The crowd of fathers had a holiday air, chattering and laughing. A few kicked a soccer ball on the gray cobblestones. This was a lark, an event to raise money for the hobbling city government of Cambridge. An official had read about such a search in American cities, and last month London had staged one.

Into the sewers they descended, bright electric torches spiking through the murk. Beneath the scientific laboratories and industrial sites of town the stonework passages were large enough for a man to walk upright. Renfrew tugged the airmask tight against his face, smiling at Johnny through the transparent molded cup. Spring rains had swept clean; there was little stench. Their fellow hunters spilled past, buzzing with excitement.

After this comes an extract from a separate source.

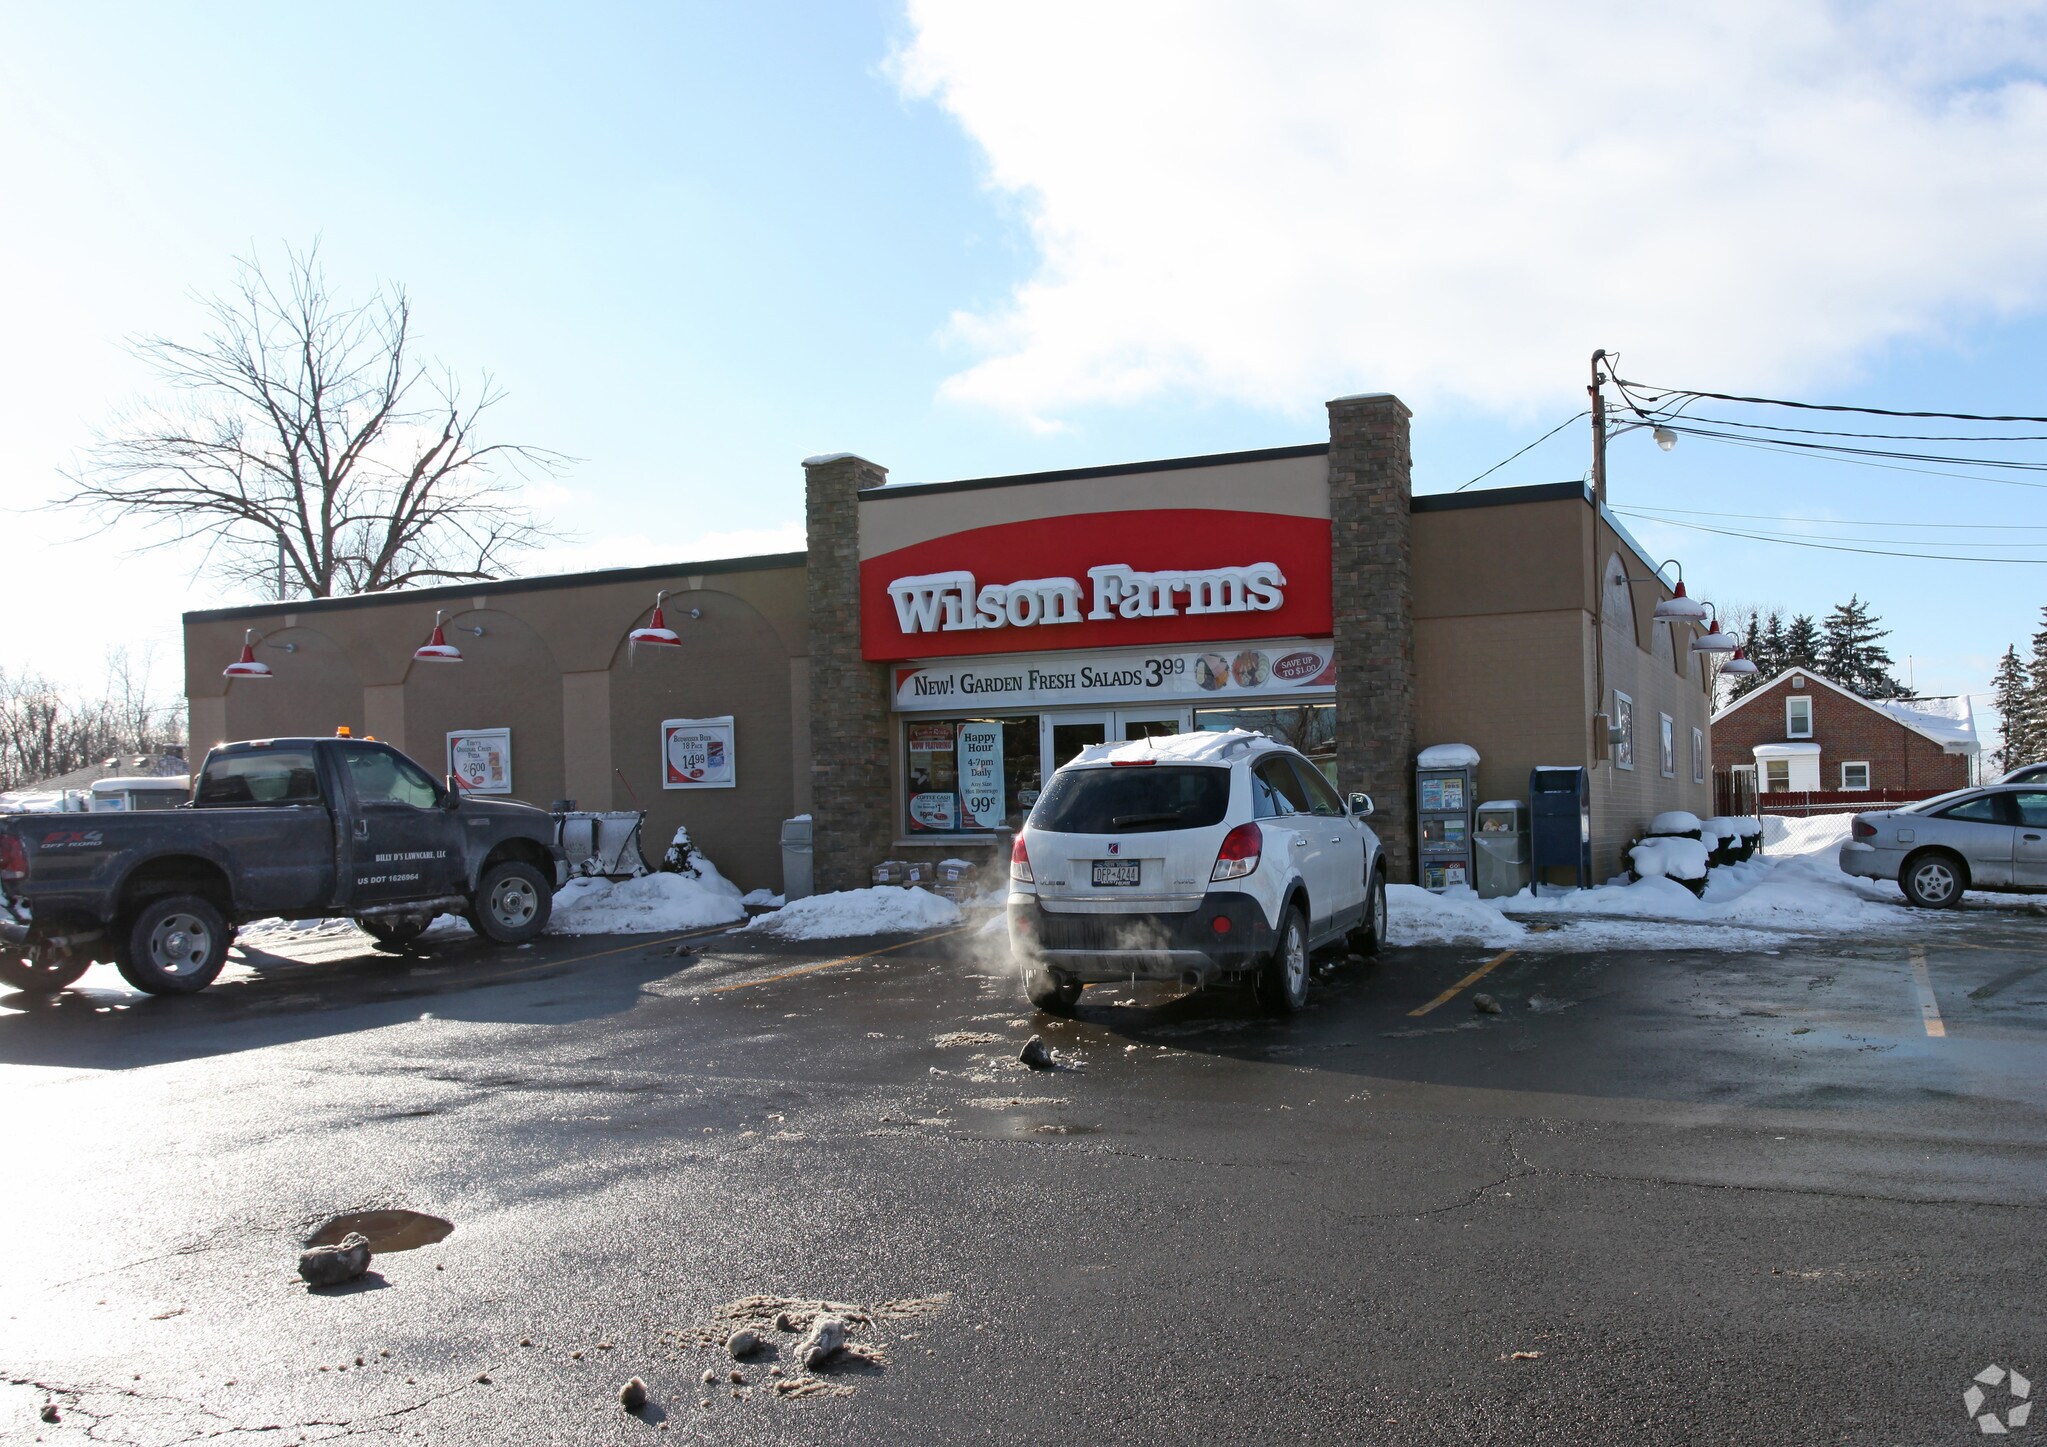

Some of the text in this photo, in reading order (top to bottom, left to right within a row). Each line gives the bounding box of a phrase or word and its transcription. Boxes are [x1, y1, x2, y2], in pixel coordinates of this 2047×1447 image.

Mercury was now exceedingly rare, commanding a thousand New Pounds per kilogram. In the gaudy mid-century times, commercial grade mercury had been poured down sinks and drains. It was cheaper then to throw out dirtied mercury and buy a fresh supply. The heaviest metal, it sought the lowest spots in the sewer system and pooled there. Even a liter recovered would justify the trouble.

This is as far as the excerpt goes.